Albert countered that attitude with things that happened in the camp: ‘One of the young men from the Lavon affair had been lashed directly across the face by one of the guards, a brute by the name of Abdel Latif Rushdi. The Palestinians [there were many Palestinians from Gaza, including communists, in the camps] had asked all the politicals to stand with the Zionist detainees. In an ironic twist of fate, Hassan el-Gebali, the Palestinian communist leader who defended him, was assassinated some years later in Gaza by the Israelis.’ For Albert, everybody deserved to be treated humanely whatever his ideas.

And after…

It is not so easy to reconstruct yourself after prison.

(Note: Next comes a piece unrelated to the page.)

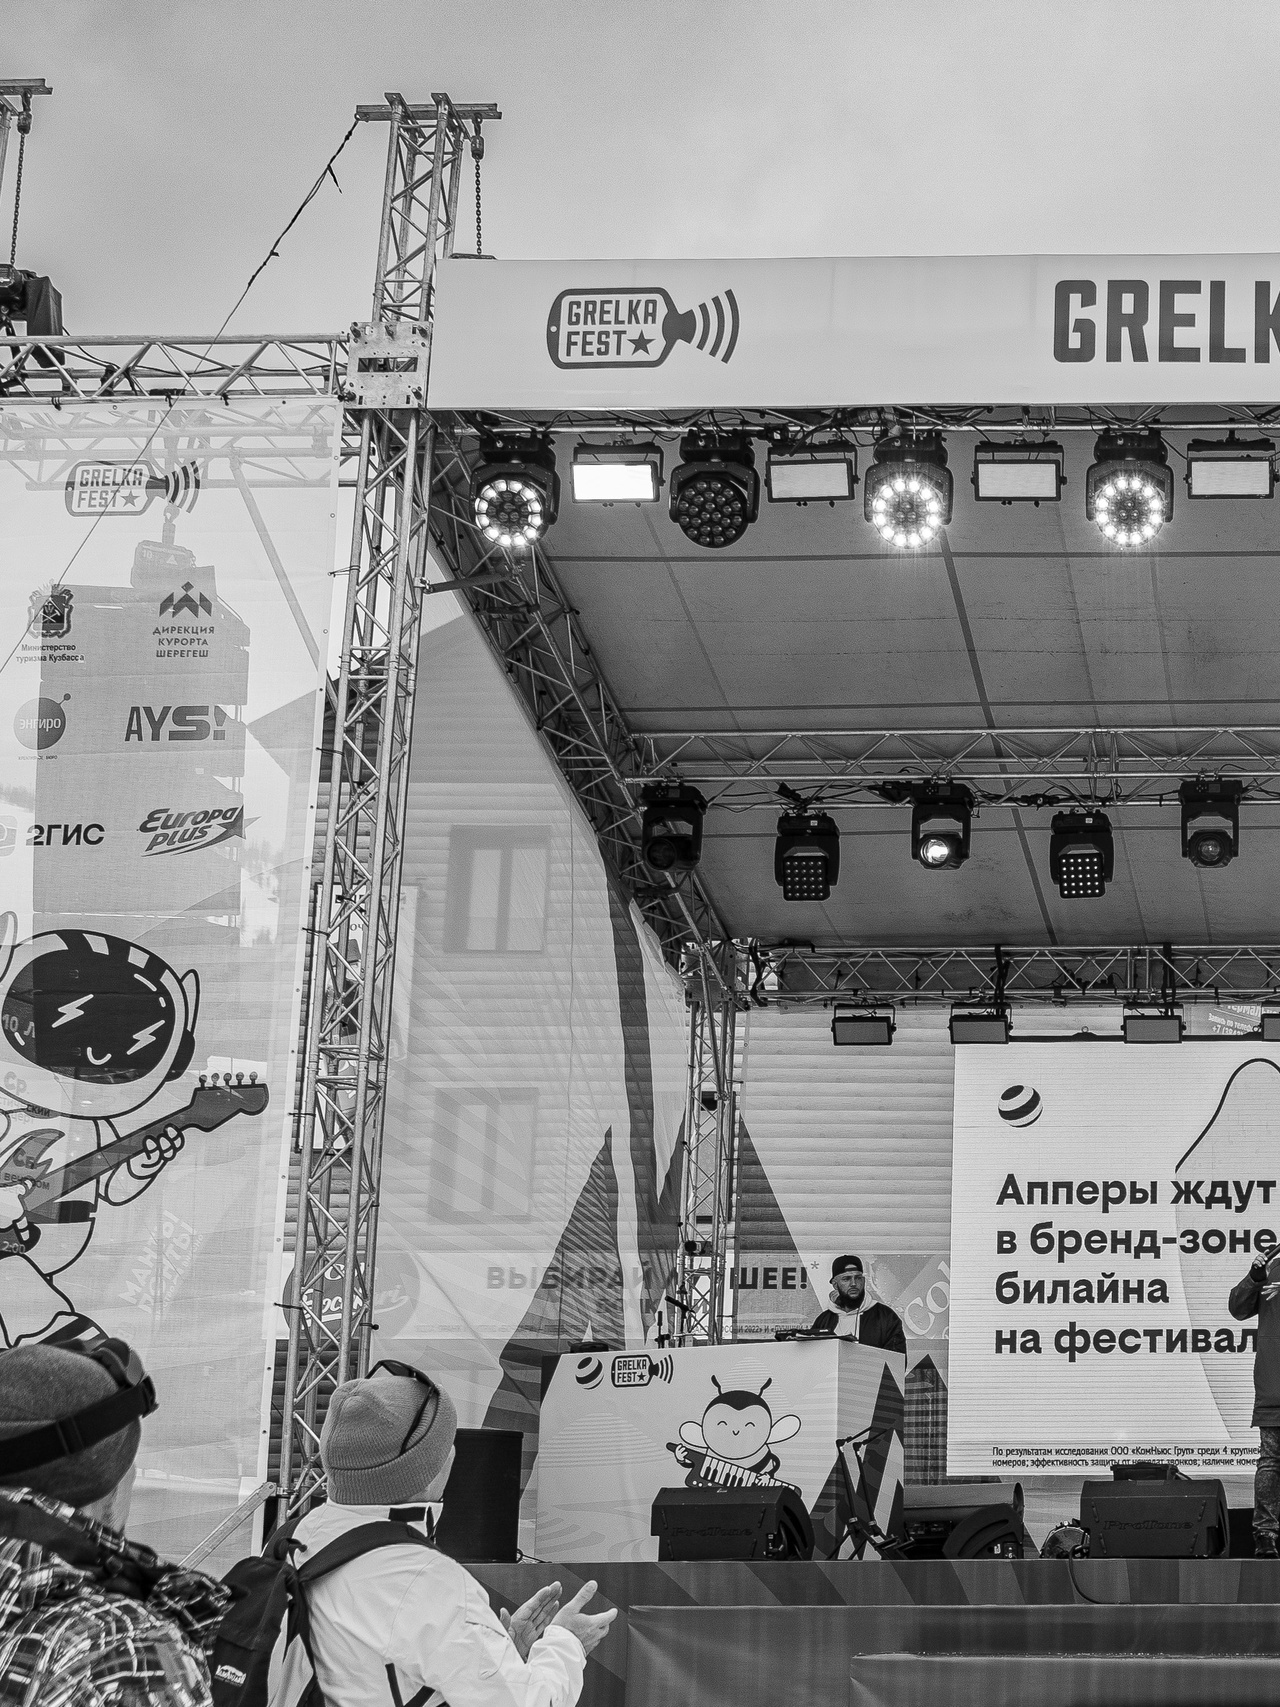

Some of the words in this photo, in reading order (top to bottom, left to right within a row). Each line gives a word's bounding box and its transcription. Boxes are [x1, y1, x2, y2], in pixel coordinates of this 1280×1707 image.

The country has changed, friends have left, fellow detainees disperse. But Albert managed to rebuild his life, to apply his ‘agricultural expertise’ to set up a company exporting fresh produce. He married and had two children, Samy and Hany. With the ‘The Drop of Milk’ association2 he dedicated himself at the end of his life to working to preserve the Jewish heritage, a heritage he believed was forgotten unfairly because it is an integral part of Egyptian history.

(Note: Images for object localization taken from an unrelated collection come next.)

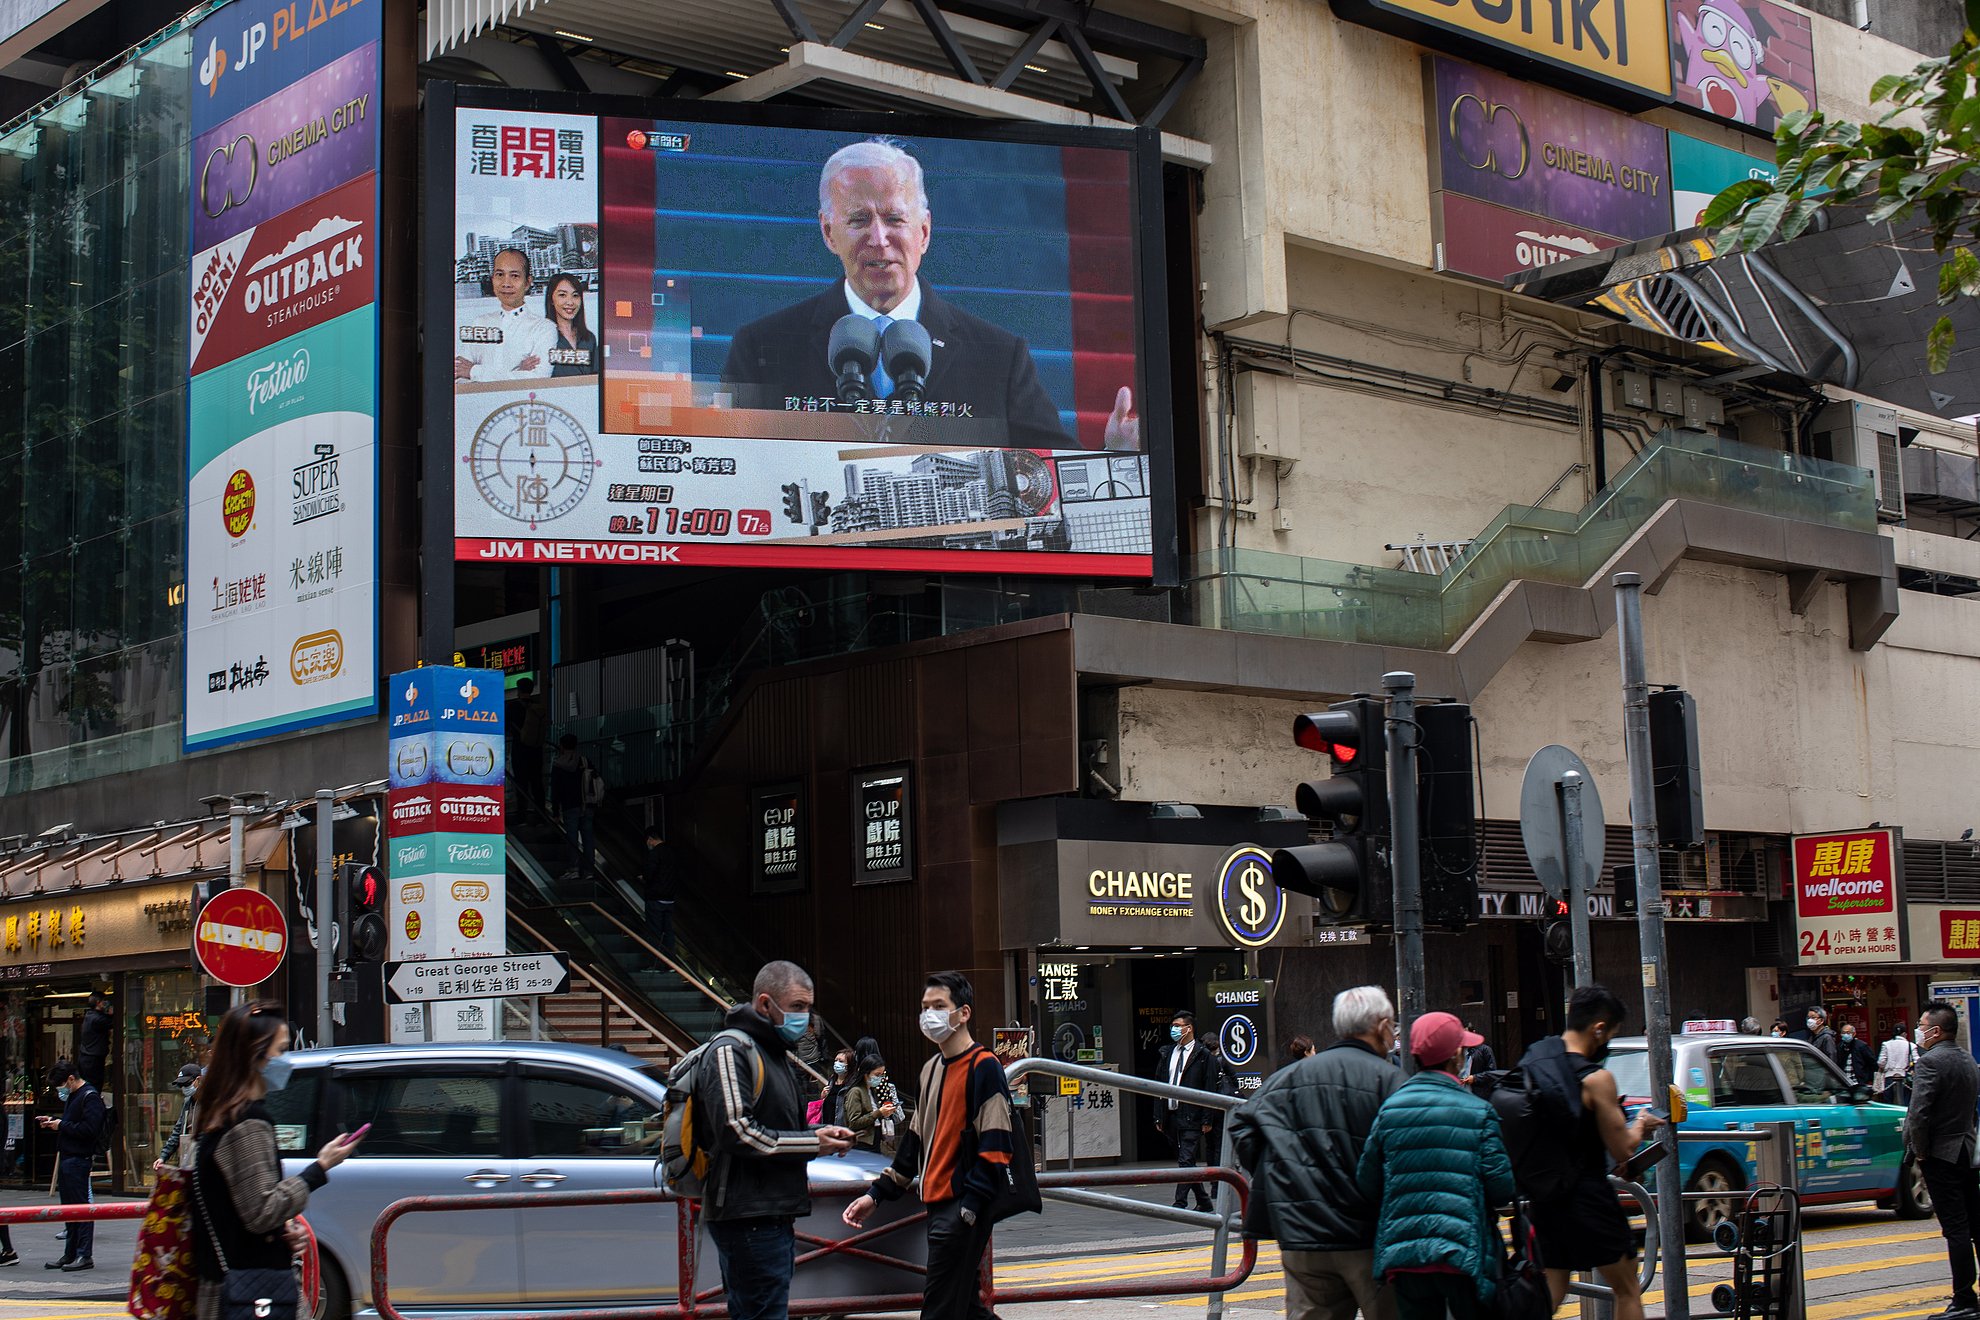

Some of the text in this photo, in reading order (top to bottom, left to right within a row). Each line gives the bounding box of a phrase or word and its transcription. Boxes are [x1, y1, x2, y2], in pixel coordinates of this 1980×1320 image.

[234, 0, 363, 71] JP PLAZ
[267, 94, 368, 166] CINEMA CITY
[1541, 142, 1659, 196] CINEMA CITY
[192, 248, 223, 309] NOW
[244, 234, 363, 314] OUTBACK
[246, 348, 311, 416] Festiva
[293, 459, 339, 500] SUPER
[608, 484, 674, 503] 逢星期日
[293, 493, 340, 521] SANDWICHES
[646, 507, 732, 535] 11:00
[479, 541, 681, 562] JM NETWORK
[288, 546, 343, 591] 米線陣
[211, 573, 266, 612] 上海姥姥
[393, 709, 430, 727] JP PLAZA
[440, 709, 499, 722] JP PLAZA
[392, 803, 432, 820] OUTBACK
[440, 802, 500, 816] OUTBACK
[781, 808, 795, 824] JP
[885, 800, 900, 817] JP
[867, 819, 901, 844] 戲院
[398, 843, 428, 868] Festiva
[447, 844, 494, 863] Festiva
[1809, 838, 1876, 877] 惠康
[1089, 869, 1193, 899] CHANGE
[1805, 878, 1884, 897] wellcome
[1090, 906, 1194, 917] MONEY EXCHANGE CENTRE
[1827, 896, 1885, 911] Superstore
[1800, 927, 1896, 956] 24 小時營業
[1834, 944, 1896, 955] OPEN 24 HOURS
[415, 960, 541, 978] Great George Street
[406, 977, 553, 995] 1-19 記利佐治街 25-29
[1044, 978, 1078, 1000] 汇款
[1215, 991, 1259, 1004] CHANGE
[457, 1010, 484, 1022] SUPER
[1687, 1021, 1726, 1032] TAXI

For any journalist arriving in Cairo, especially for the French, Albert’s city-centre apartment, with a view of Tahrir Square, was an indispensable stop for being brought up to speed with what was going on in the country, and Titi shared that role of guide with his friend, the Jewish lawyer and communist Chehata Haroun. I for one headed for his place on each of my trips to Cairo, and we could converse at length not only about Egypt, but also about Europe, the situation in Vietnam or Poland, or about French history which he knew better than anyone; he did not hesitate to take his interlocutor to task if he forgot this or that episode in the history of the Third Republic.

Albert distanced himself from the Egyptian communists because, especially in the 1980s, they plunged into a dogmatism detached from reality and saw the end of the Soviet Union not as the failure of a bungled experiment, but as the result of a ‘grand Zionist conspiracy.’ Despite everything, he remained true to his ideals to the end. And he adopted the words of his friend Claire Hazan, also born in Egypt but forced into exile, on her deathbed:

We had great hopes and dreams of a better world in which social justice would prevail, and even if we were not able to fulfil our dreams, others will follow us to accomplish what we failed to achieve.

1Albert Arié, Memoirs of an Egyptian Jew (in Arabic), Dar Al-Shourouk, Cairo, 2022.

2[This association – >https://www.facebook.com/groups/189099621661090] was established at the start of the 20th century to help impoverished Egyptian Jewish children, notably by giving them milk for breakfast. It later developed philanthropic activities. In 2016, it changed its status to focus on preserving Egyptian Jewish heritage.